Table 2. Criteria used to determine teacher promotions, 2005
Antigüedad Capacitación Desempeño Concursos
Argentina    
Colombia  
El Salvador *    
Honduras    
Nicaragua (**)  
Dominican Republic  
Uruguay    
Fuente: Vaillant y Rossel (2005).
Nota 1: (*) Cambian de categoría dentro de cada nivel (1 y 2) a partir de la antigüedad en servicio..
Nota 2: (**) Formalmente se establece el desempeño pesa como criterio de ascenso pero no está diseñado el mecanismo a través del cual ambos se relacionan.

Estos estudios rompen con el mito de que no es posible crear un espacio para que los docentes puedan mejorar su desempeño. Si se toma en cuenta la insatisfacción de los docentes con la forma en la que se reconoce su trabajo, y se nota también su voluntad para perfeccionarse, es posible pensar en iniciativas que les ofrezcan oportunidades de capacitación y formación de calidad, y que premien su participación en estas actividades.

Educación de la Primera Infancia.

Es sabido que la educación en la primera infancia puede hacer una gran diferencia en la vida de un niño.
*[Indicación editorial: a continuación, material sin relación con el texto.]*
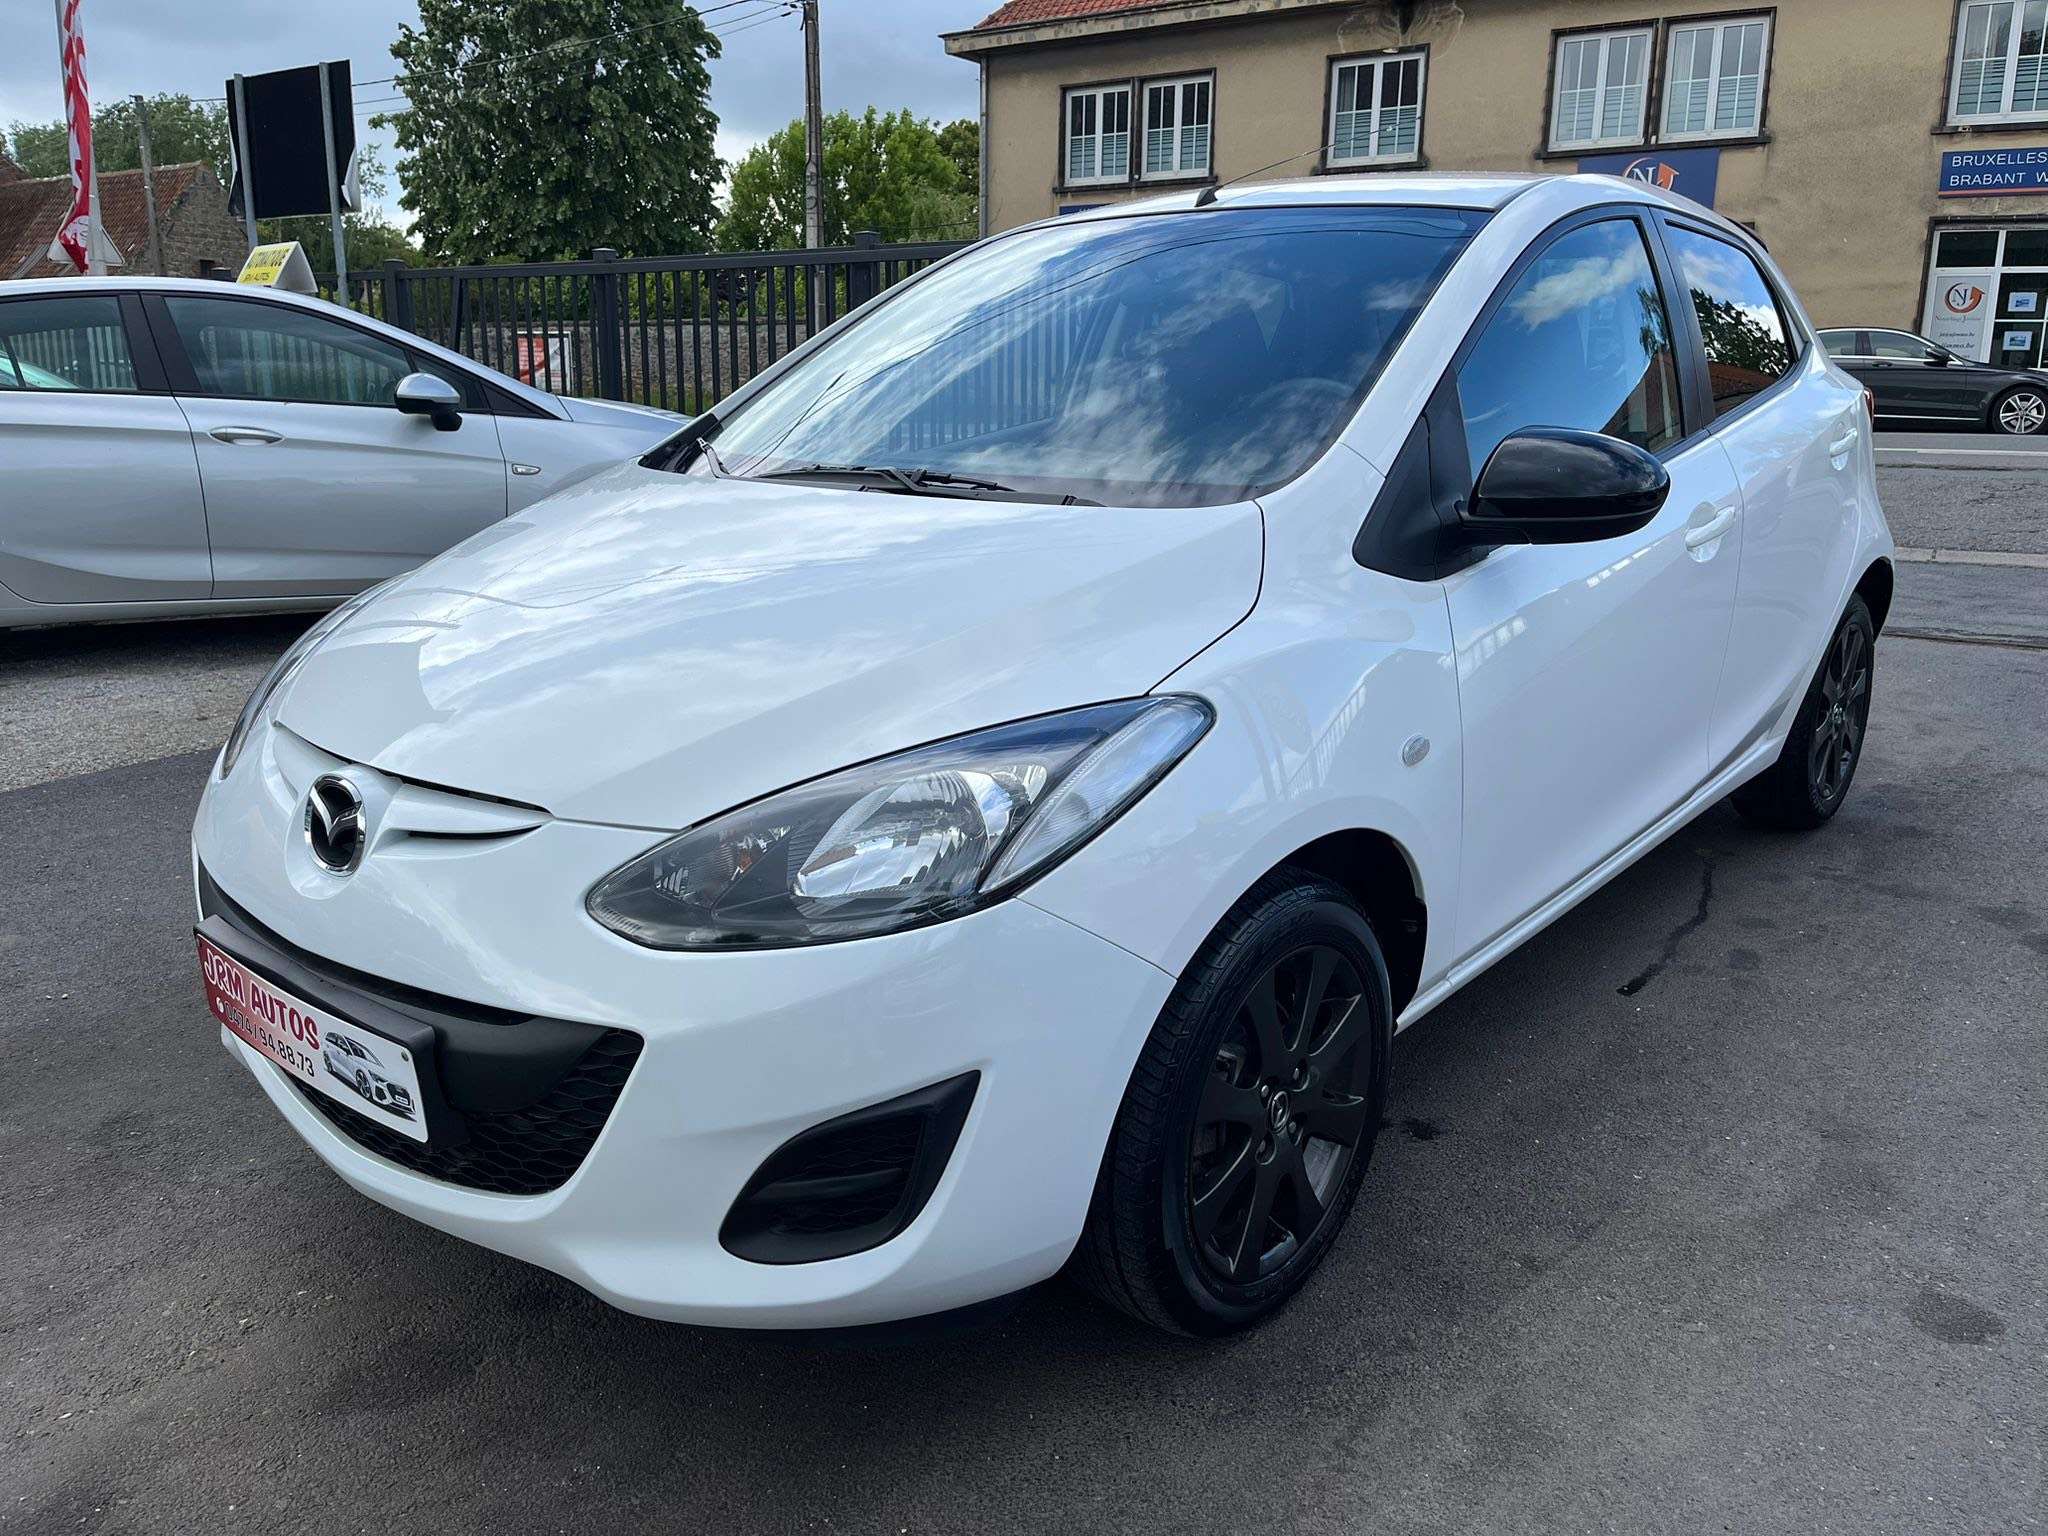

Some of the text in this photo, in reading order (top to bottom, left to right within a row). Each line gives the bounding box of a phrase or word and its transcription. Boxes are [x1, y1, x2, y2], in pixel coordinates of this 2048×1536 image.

[1951, 151, 2048, 167] BRUXELLES
[1949, 171, 2026, 187] BRABANT
[250, 981, 320, 1050] AUTOS
En Argentina, se han realizado numerosos estudios sobre este tema.

Un estudio encontró que los niños con mayor nivel de alfabetismo en el preescolar se desempeñaban mejor que sus compañeros en la primaria. Otro estudio notó que los niños argentinos que fueron a la escuela entre los tres y los cinco años sacan mejores notas que los alumnos promedio en las pruebas nacionales.

Desafortunadamente, en Argentina, los niños de familias con mayores ingresos tienen mayores posibilidades de ir al preescolar que aquellos más carenciados. De hecho, cuanto mayor es el ingreso de una familia, mayor es la probabilidad de que sus niños vayan a la escuela a los tres, cuatro, y cinco años (Gráfico 11).


Fuente: Sitio web de INDEC: http://www.indec.mecon.ar (Accedido: March 2008).

En la Provincia de Buenos Aires son muchos los niños de tres, cuatro y cinco años que van a la escuela. De hecho, el promedio de asistencia a la escuela para esos tres grupos de edad supera por mucho al promedio del país. Sin embargo, la situación en la Ciudad Autónoma de Buenos Aires es mucho más favorable que en la Provincia de Buenos Aires. Los niños de la Provincia de Buenos Aires están bajo una importante desventaja frente a sus pares de la ciudad (Gráfico 12).


Source: Sitio web de INDEC: http://www.indec.mecon.ar (Accedido: March 2008).

Dadas estas inequidades, es imperativo que la Provincia de Buenos Aires invierta más y mejor en educar a los más jóvenes, y que aquellas organizaciones del tercer sector que puedan reforzar el aprendizaje de los niños más carenciados se comprometan a hacerlo antes de que estos niños ingresen a la escuela primaria. De lo contrario, se pondrá en desventaja a una generación de niños aún antes de que entren a la escuela primaria.